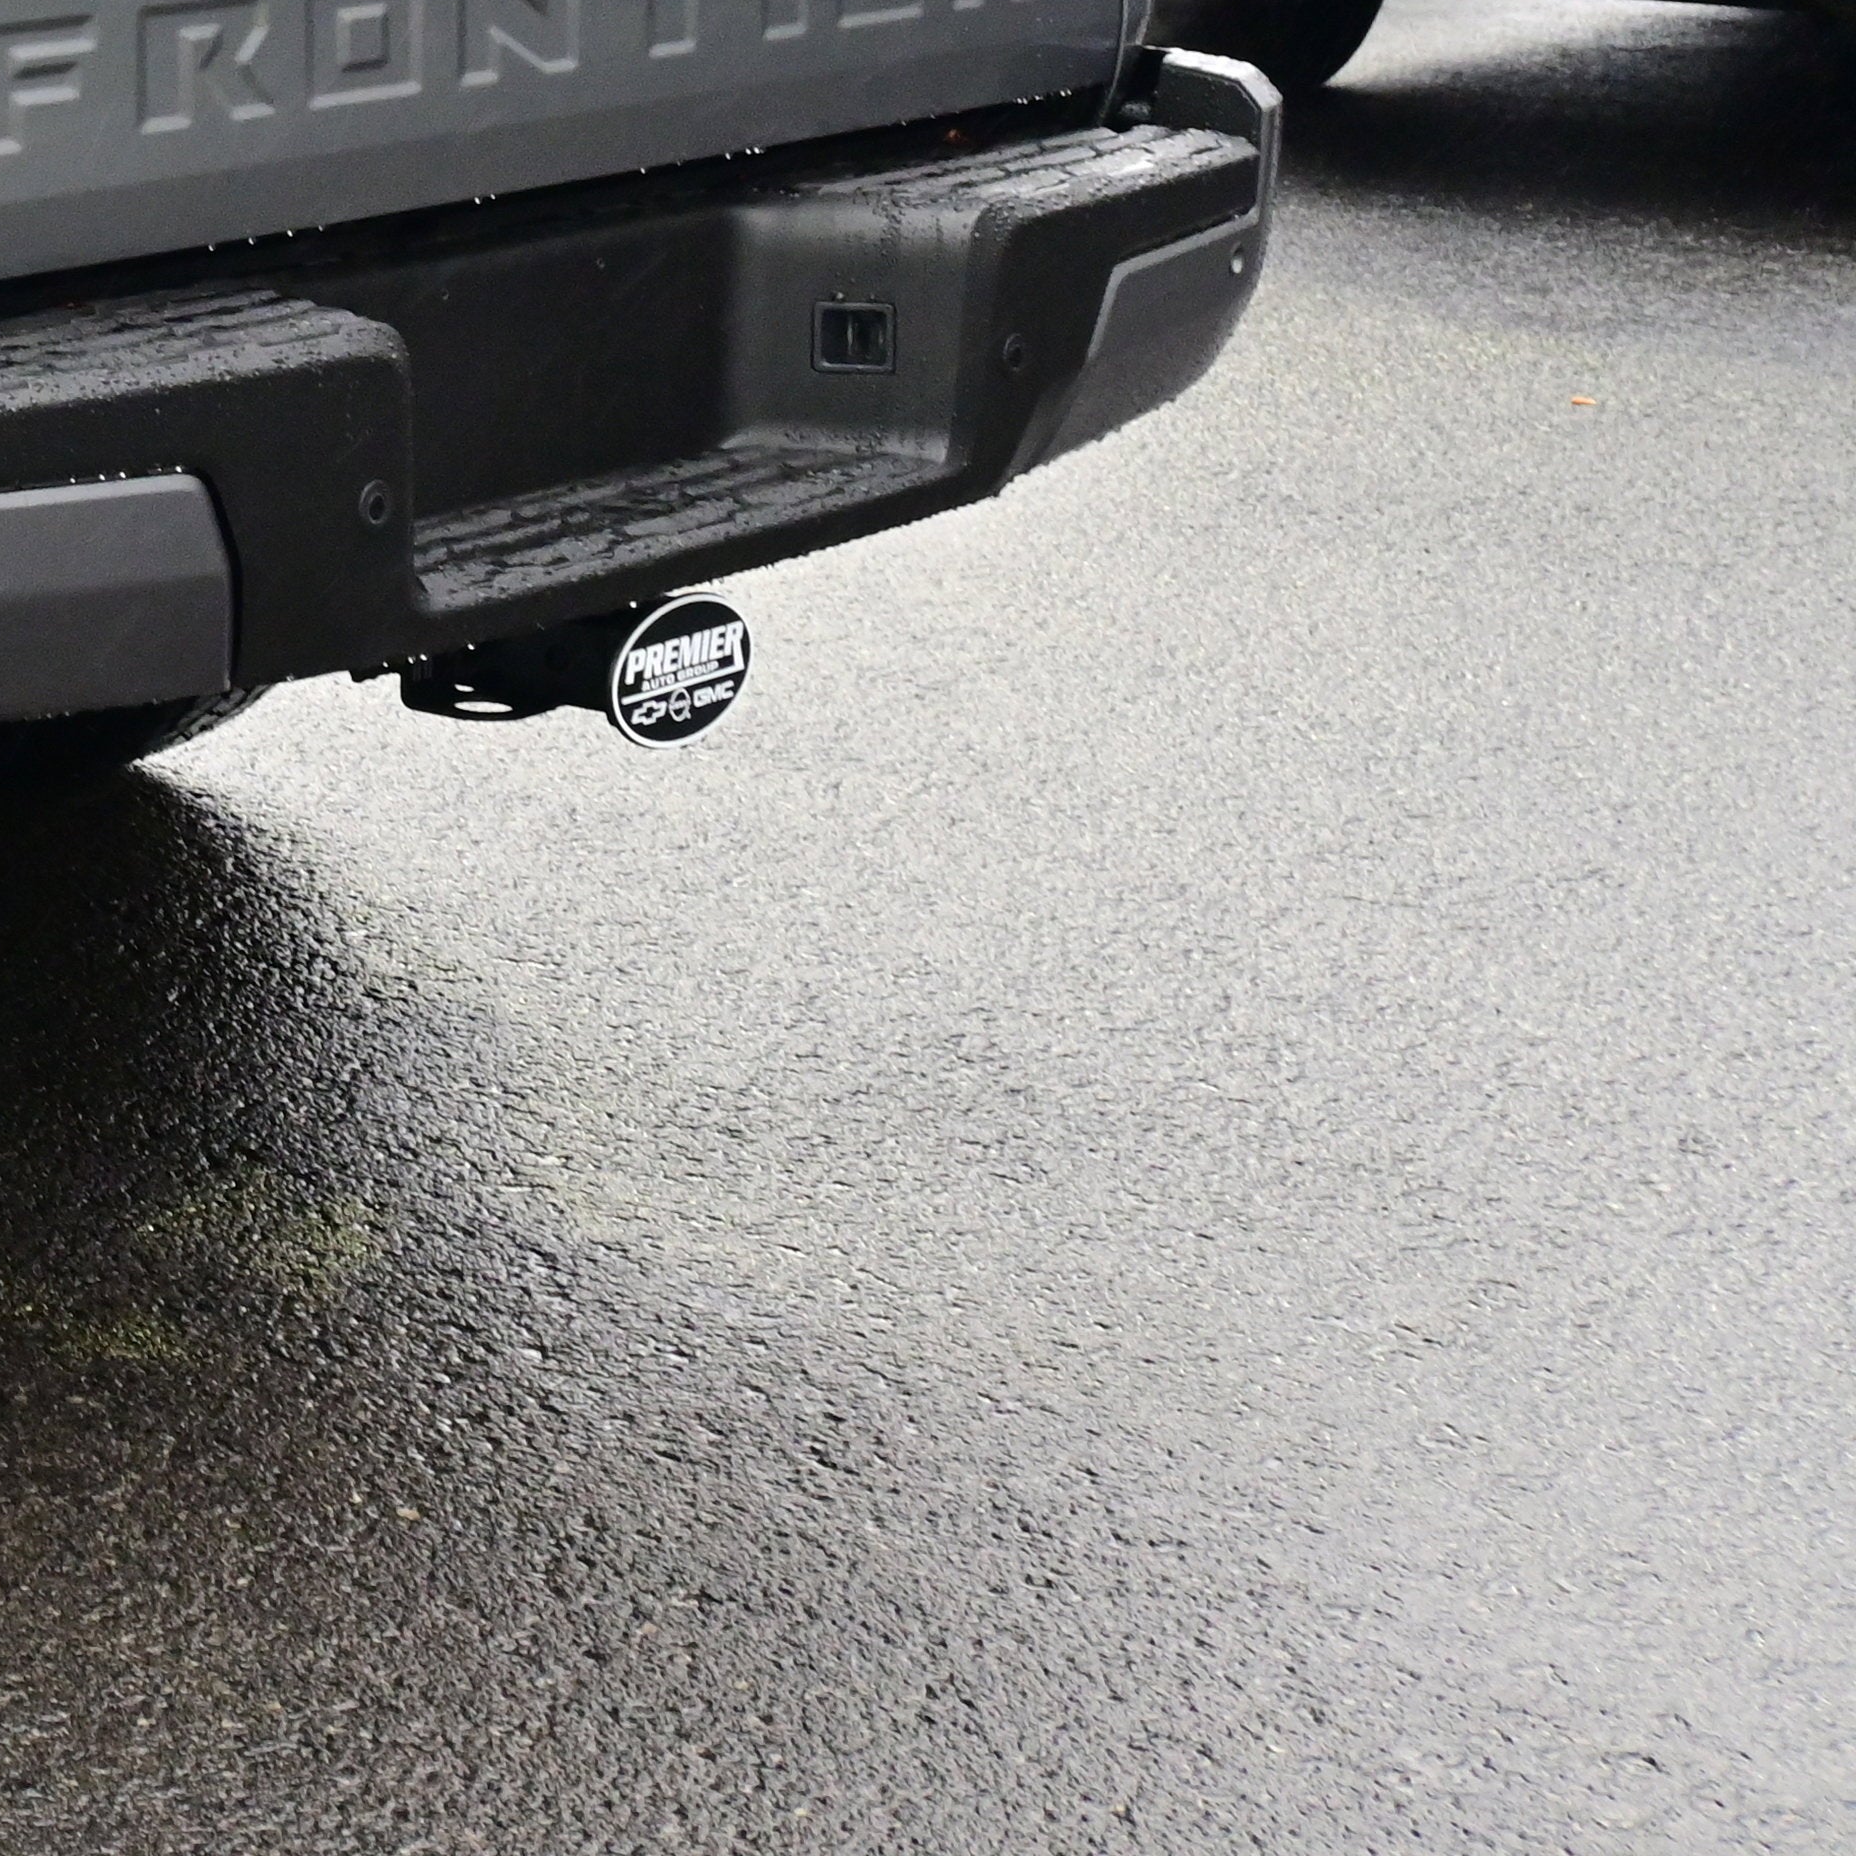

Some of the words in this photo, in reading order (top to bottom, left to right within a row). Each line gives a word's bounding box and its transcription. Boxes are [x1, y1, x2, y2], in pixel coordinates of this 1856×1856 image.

[624, 619, 745, 685] PREMIER
[641, 673, 676, 692] AUTO
[676, 660, 720, 681] GROUP
[692, 679, 735, 708] GMC

::::::

> [PROBLEM STATEMENT]:
Above are the entries; write them out again exactly, omitting the pictures.

> [PROBLEM SOLUTION]:
Some of the words in this photo, in reading order (top to bottom, left to right within a row). Each line gives a word's bounding box and its transcription. Boxes are [x1, y1, x2, y2], in pixel coordinates of this 1856×1856 image.

[624, 619, 745, 685] PREMIER
[641, 673, 676, 692] AUTO
[676, 660, 720, 681] GROUP
[692, 679, 735, 708] GMC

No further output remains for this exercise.